Ainsi si certaines mesures sont une amélioration de l’existant comme par exemple l’accès à la carte de résident des parents d’enfants bénéficiaires d’une protection internationale, ou encore l’extension à quatre ans de la carte de séjour pluriannuelle pour les bénéficiaires d’une protection subsidiaire.

Ce texte est essentiellement composé de mesures qui vont dégrader la procédure d’asile et l’accompagnement social proposé par les associations.
De plus, cette loi interviendrait dans un contexte où l’ensemble des demandeurs d’asile ne pourra être hébergé, faute de places suffisantes.

Le raccourcissement des délais d’instruction des demandes d’asile est présenté comme une avancée. Selon le gouvernement, il permettrait de traiter davantage de demandes. En réalité, ce raccourcissement s’effectue principalement au détriment du demandeur et risque de fait, d’exclure des milliers de personnes de la protection : réduction des délais de recours devant la CNDA , fin du caractère suspensif du recours dans certaines situations, instauration des audiences par vidéo-conférence, notification des décisions par « tout moyen ».

Le projet de loi renforce les mesures directives et instaure un contrôle des préfectures, avec le risque de créer une confusion générale entre surveillance administrative et action sociale et de dégrader le travail des acteurs sociaux dans l’accompagnement pour l’accès aux droits (orientation directive sur l’ensemble du territoire national sans garantie d’une proposition effective d’hébergement, contrôles préfectoraux dans les structures d’hébergement, restriction de la liberté d’aller et venir).

Au prétexte de renforcer l’efficacité des mesures d’éloignement, le projet développe à outrance les mesures de contrôle et de privation de liberté (systématisation de l’assignation à résidence, forte hausse de la durée de rétention) auxquelles s’ajoute le placement en rétention des personnes placées sous procédure Dublin, voté au parlement le 15 février. Rappelons que les migrants placés sous procédure dite de Dublin, les « dublinés » ne sont pas des migrants dont les dossiers de demande d’entrée sur le territoire ont été refusés mais des migrants dont les dossiers n’ont pas été examinés et que ces « dublinés » sont expulsés vers le pays par lequel ils sont entrés dans l’UE.

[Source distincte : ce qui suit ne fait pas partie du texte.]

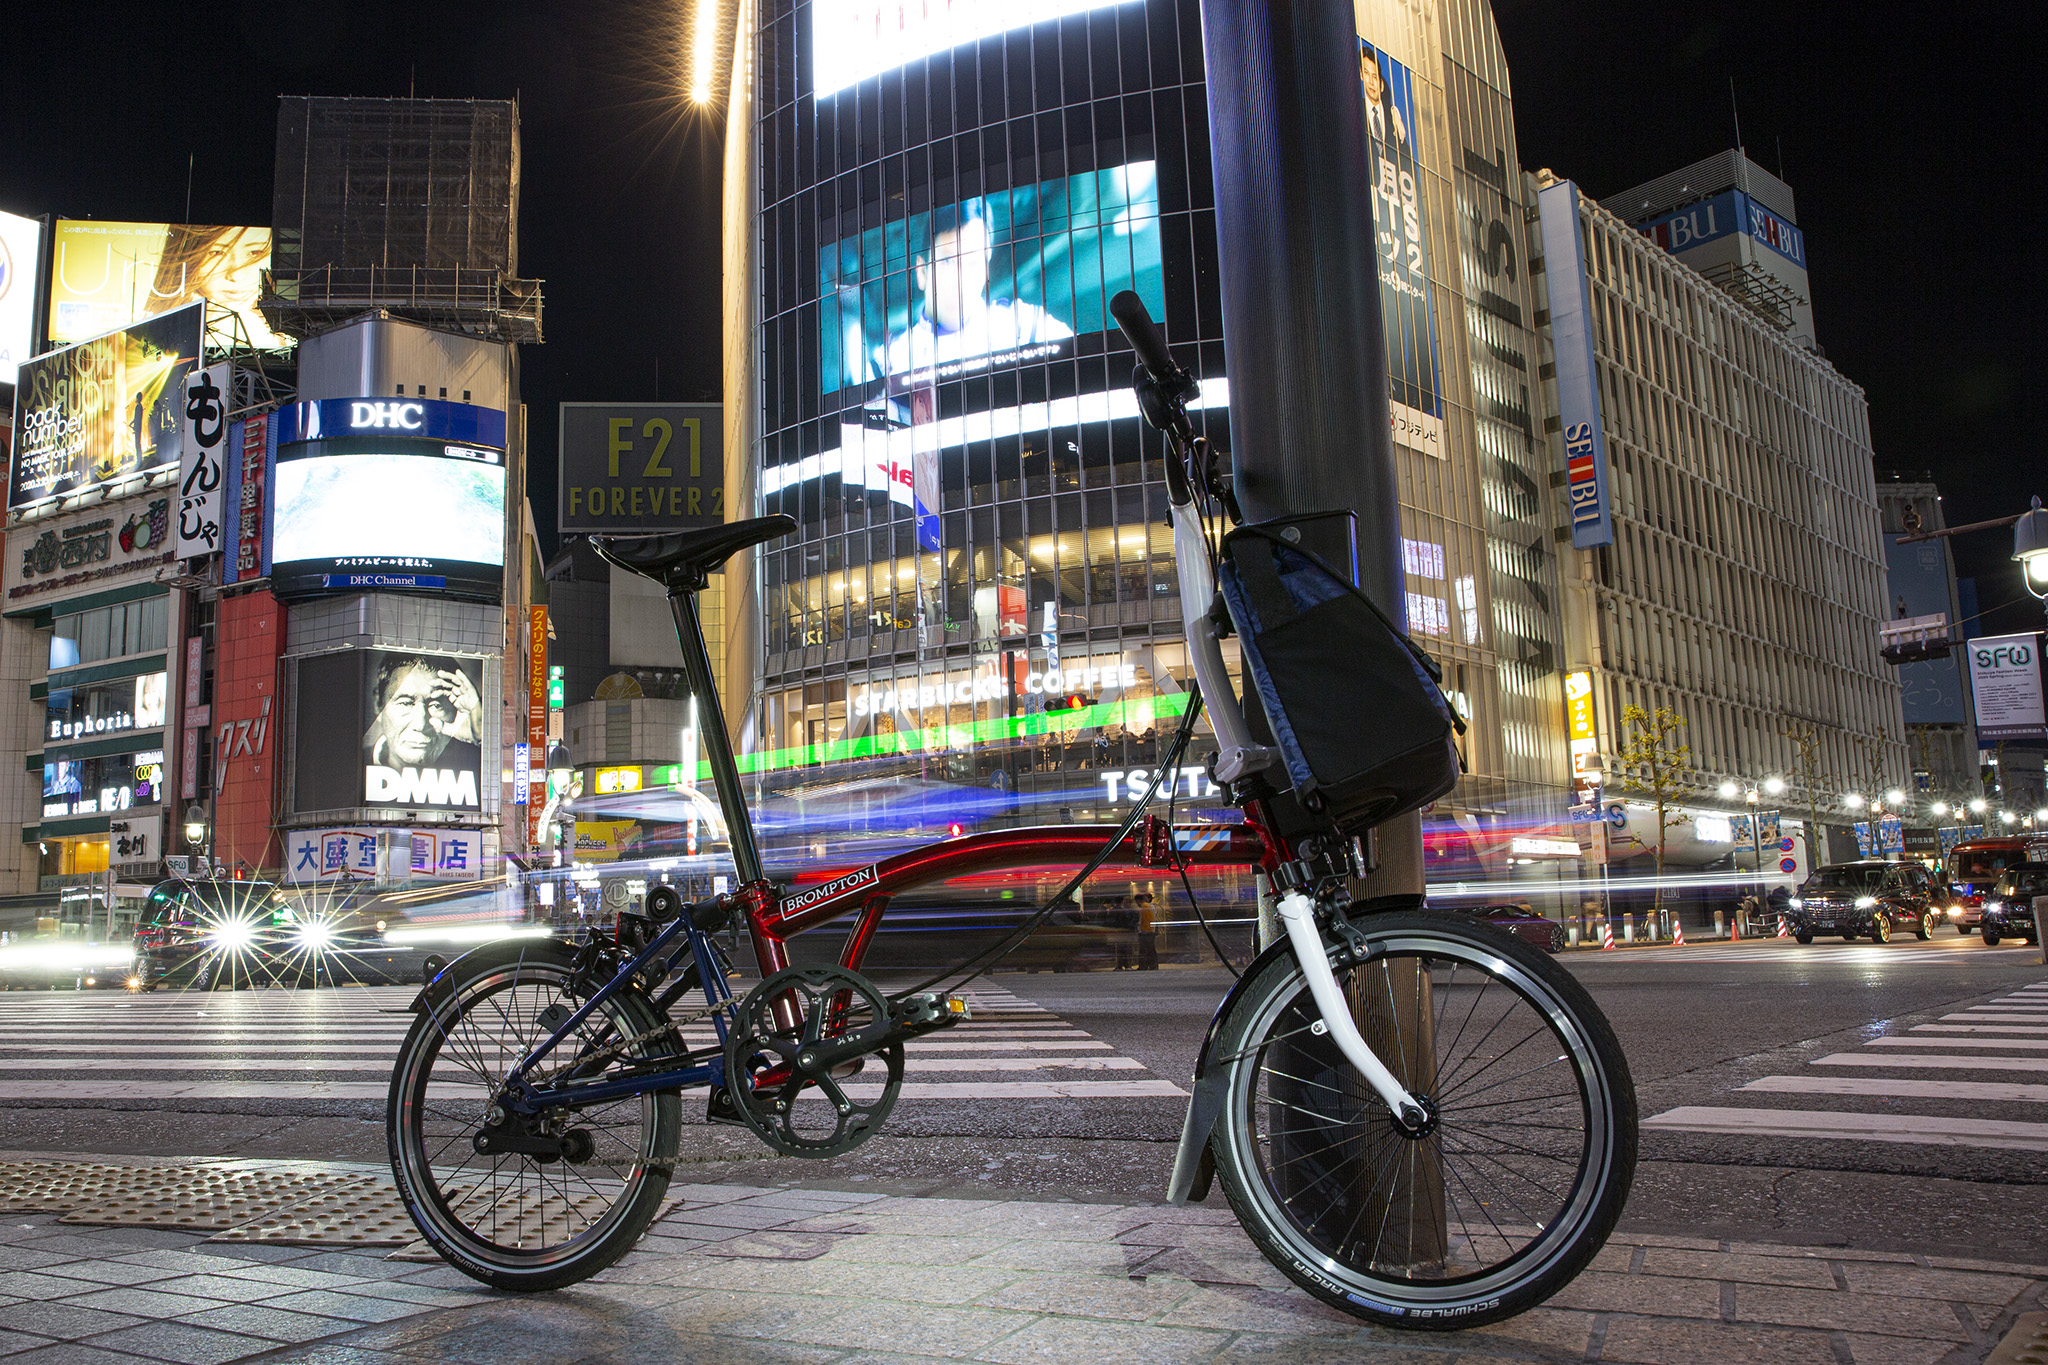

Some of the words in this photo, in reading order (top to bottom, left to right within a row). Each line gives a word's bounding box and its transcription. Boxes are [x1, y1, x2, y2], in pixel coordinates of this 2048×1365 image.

En fragilisant les fondements même du travail social, ce texte porte atteinte à la relation de confiance entre les travailleurs sociaux et les personnes en grande précarité, leur famille et leurs enfants, qu’elles aient un statut administratif précaire ou non. Ces orientations pourraient conduire les personnes migrantes à fuir les procédures et les dispositifs sociaux, multipliant les situations d’errance et de précarité mais aussi d’accentuer les risques sanitaires en matière de santé publique (moins de contact avec les services compétents conduirait à des dépistage plus tardifs de maladies contagieuses, par exemple) mais aussi risquerait d’accentuer leur détresse psychique en restreignant de fait, leurs relations interpersonnelles et d’échange avec des personnes qui ne soient pas dans la même situation de précarité.

En refusant de traiter la question de l’accès à un titre de séjour pour les dizaines de milliers de personnes qui vivent déjà sur le sol français, parfois depuis des années, c’est-à-dire la question de la régularisation des « sans papier » et sur la modification nécessaire du règlement Dublin, ce projet passe à côté d’une occasion de s’attaquer réellement à la pauvreté et à la souffrance sociale.

C’est pourquoi en tant que parlementaire, je ne voterai pas ce texte en l’état et proposerai des amendements afin d’en améliorer grandement le dispositif afin de répondre, cette fois réellement, aux situations vécues par les personnes migrantes en France.

A noter: les personnels de la Cour national du droit d’asile (CNDA) se sont mis en grève le 13 février, pour contester leurs conditions de travail ainsi que le dispositif de la loi asile et immigration.